脊髓损伤(Spinal cord injury,SCI)是一种危及生命的创伤性损伤,常伴有截瘫、神经系统并发症和预期寿命缩短。原发创伤事件发生后,一系列继发性损伤事件开始发生,包括缺血、出血、血脊髓屏障(Blood-spinal cord barrier,BSCB)破裂、水肿、神经炎症和氧化应激。这些过程最终会加速神经元丧失和轴突变性。其中,BSCB的破裂和神经炎症是SCI发病的关键事件,使脊髓的正常功能恢复更加困难。已有研究表明,间充质干细胞(Mesenchymal stem cell, MSC)移植是一种很有前途的治疗脊髓损伤的策略,但免疫排斥反应限制了其应用。骨髓间充质干细胞(Bone marrow mesenchymal stem cell,BMSC)的治疗效果主要取决于其可溶性旁分泌因子的释放,其中外泌体(EXO)对于旁分泌作用是必不可少的。骨髓间充质干细胞来源的外泌体(BMSC-EXOs)可以在细胞移植中替代BMSCs。然而,潜在的机制仍不清楚。近日,有研究人员报道了BMSC-EXOs可能通过抑制细胞焦亡和改善血脊髓屏障完整性来保护脊髓受损。相关研究结果发表在Neural Regeneration Research上。

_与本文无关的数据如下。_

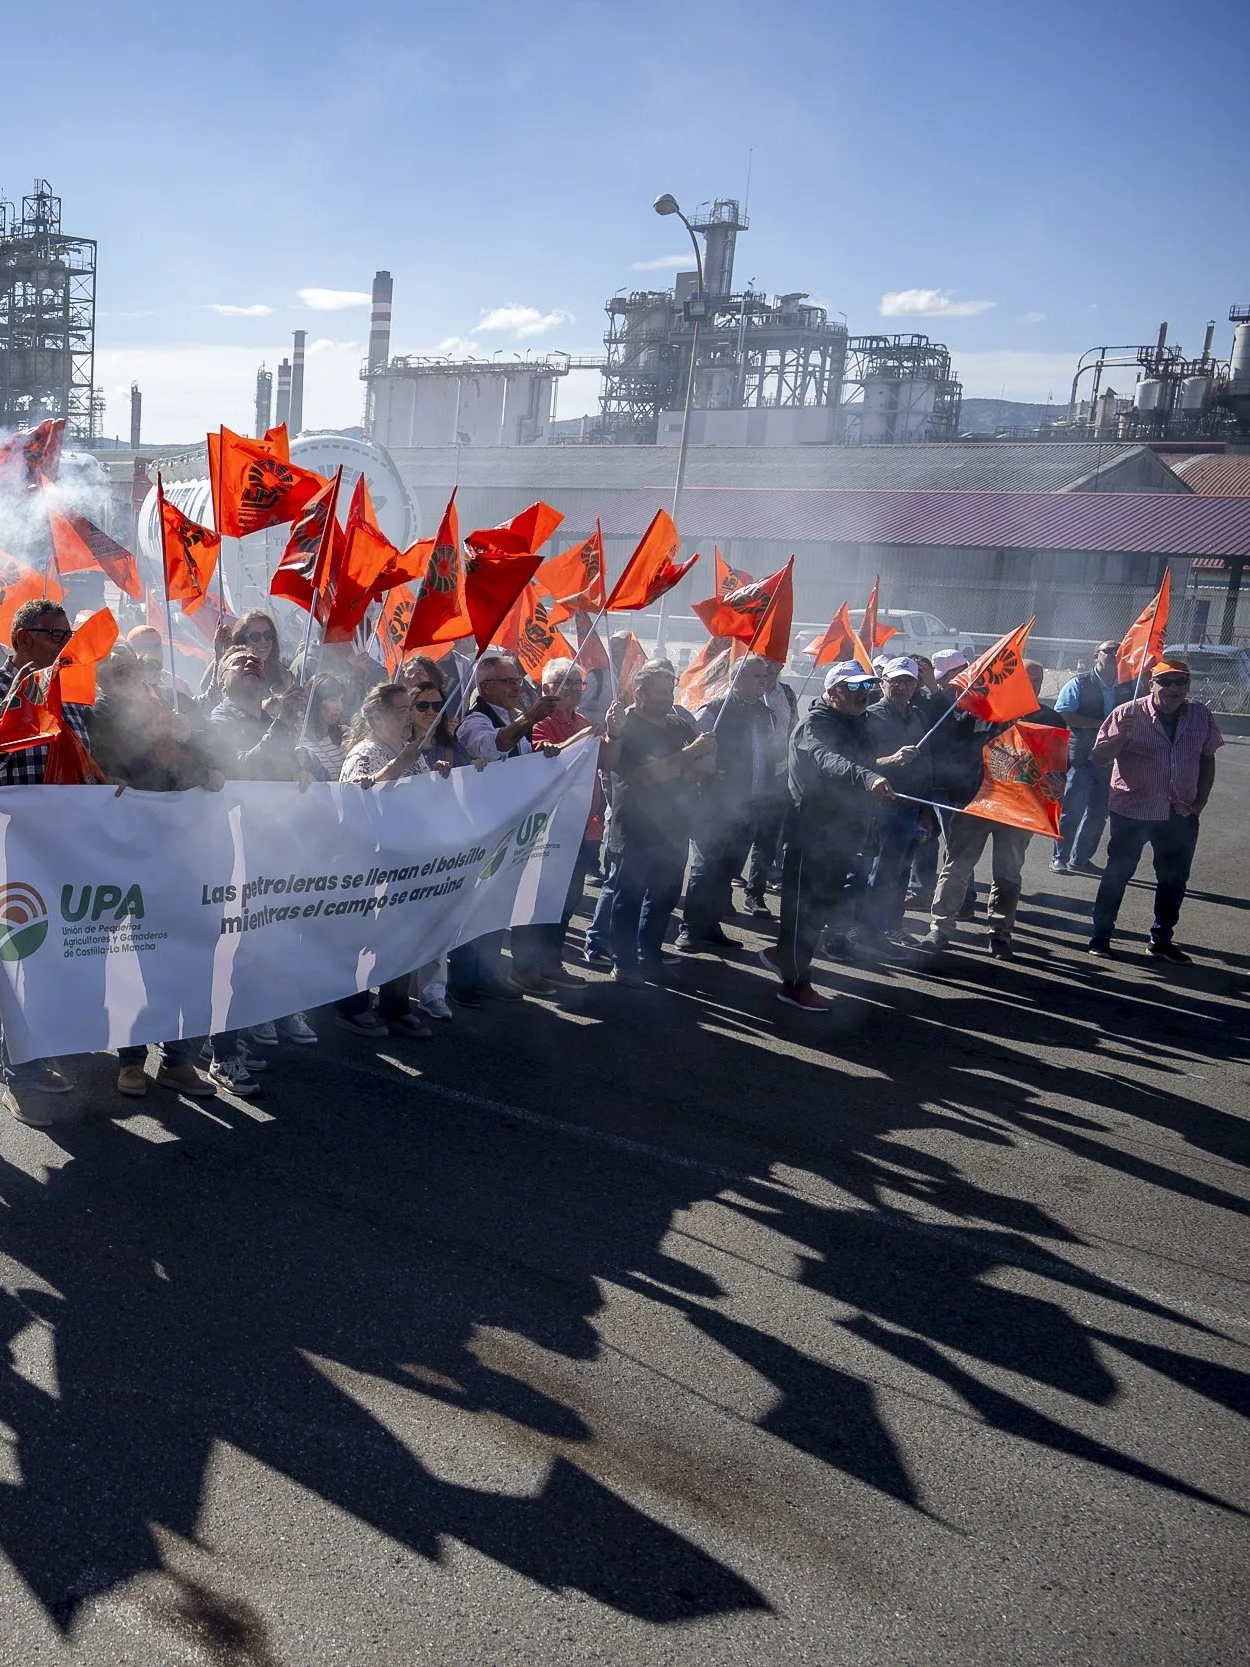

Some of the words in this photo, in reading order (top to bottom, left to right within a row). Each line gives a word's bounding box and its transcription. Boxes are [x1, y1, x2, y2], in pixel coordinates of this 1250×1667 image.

[201, 884, 237, 905] Las
[241, 873, 339, 907] petroleras
[340, 873, 363, 890] se
[365, 864, 420, 887] llenan
[421, 857, 438, 876] el
[435, 847, 487, 874] bolsillo
[60, 883, 145, 922] UPA
[220, 905, 301, 934] mientras
[303, 899, 325, 917] el
[323, 894, 389, 917] campo
[389, 890, 408, 907] se
[408, 876, 466, 902] arruina
[62, 925, 83, 936] Unión
[84, 925, 97, 934] de
[98, 923, 142, 935] Pequeños
[63, 935, 111, 948] Agricultores
[112, 936, 119, 944] y
[119, 931, 168, 942] Ganaderos
[63, 949, 74, 958] de
[75, 945, 120, 957] Castilla-La
[121, 942, 156, 953] Mancha
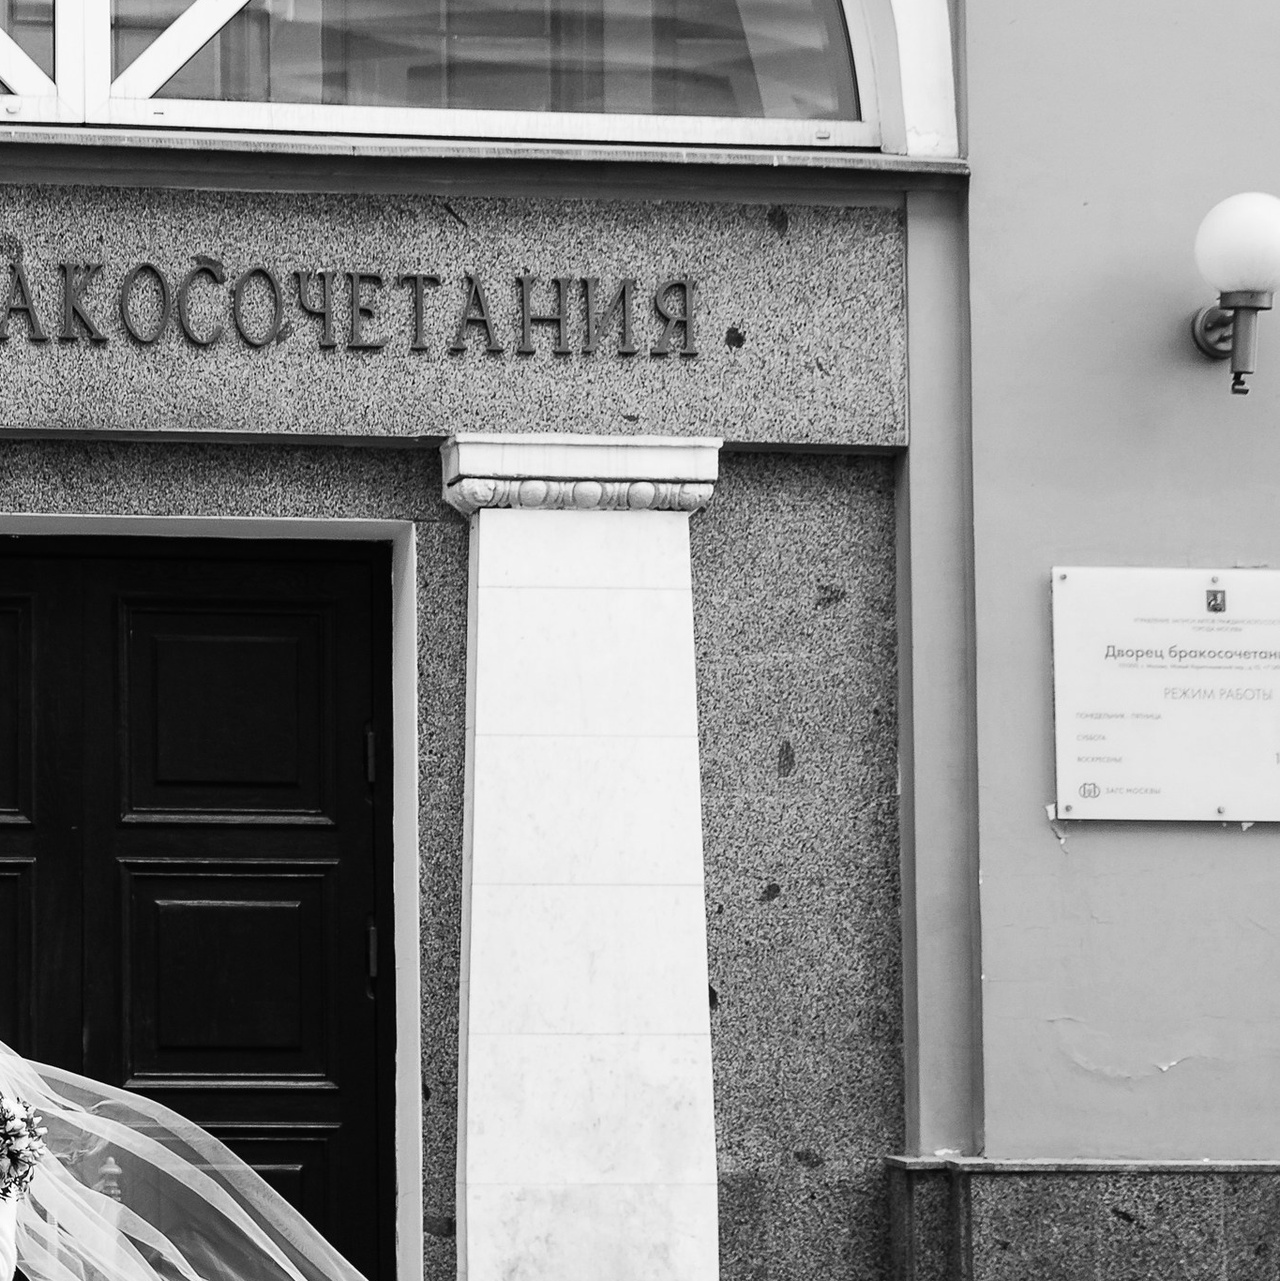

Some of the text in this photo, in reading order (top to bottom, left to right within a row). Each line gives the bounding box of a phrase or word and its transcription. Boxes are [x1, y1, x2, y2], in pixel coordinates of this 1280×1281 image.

为评估BMSC-EXOs治疗脊髓损伤效果,研究人员首先构建了脊髓损伤大鼠模型。在脊髓损伤30分钟和1天后,经尾静脉给药200μL外泌体(200μg/mL;大约1×106个骨髓间充质干细胞)。结果发现BMSC-EXOs治疗可显著减少神经细胞死亡,改善髓鞘排列和减少髓鞘丢失,增加血管壁周细胞/内皮细胞覆盖,减少血脊髓屏障渗漏,减少 半胱天冬酶 1表达,抑制白细胞介素1β释放,加速脊髓损伤大鼠运动功能恢复。细胞培养实验用干扰素-γ和肿瘤坏死因子-α处理周细胞。用Lipofectamine 3000将脂多糖导入细胞,与三磷酸腺苷共孵育,模拟体外损伤。BMSC-EXOs预处理8小时可显著降低周细胞焦亡,提高周细胞存活率。综上,该研究结果提示BMSC-EXOs可能通过抑制细胞焦亡和改善血脊髓屏障完整性来保护神经元存活和促进神经纤维的延伸,最终改善脊髓损伤大鼠的运动功能。
Exosomes derived from bone marrow mesenchymal stem cells protect the injured spinal cord by inhibiting pericyte pyroptosis.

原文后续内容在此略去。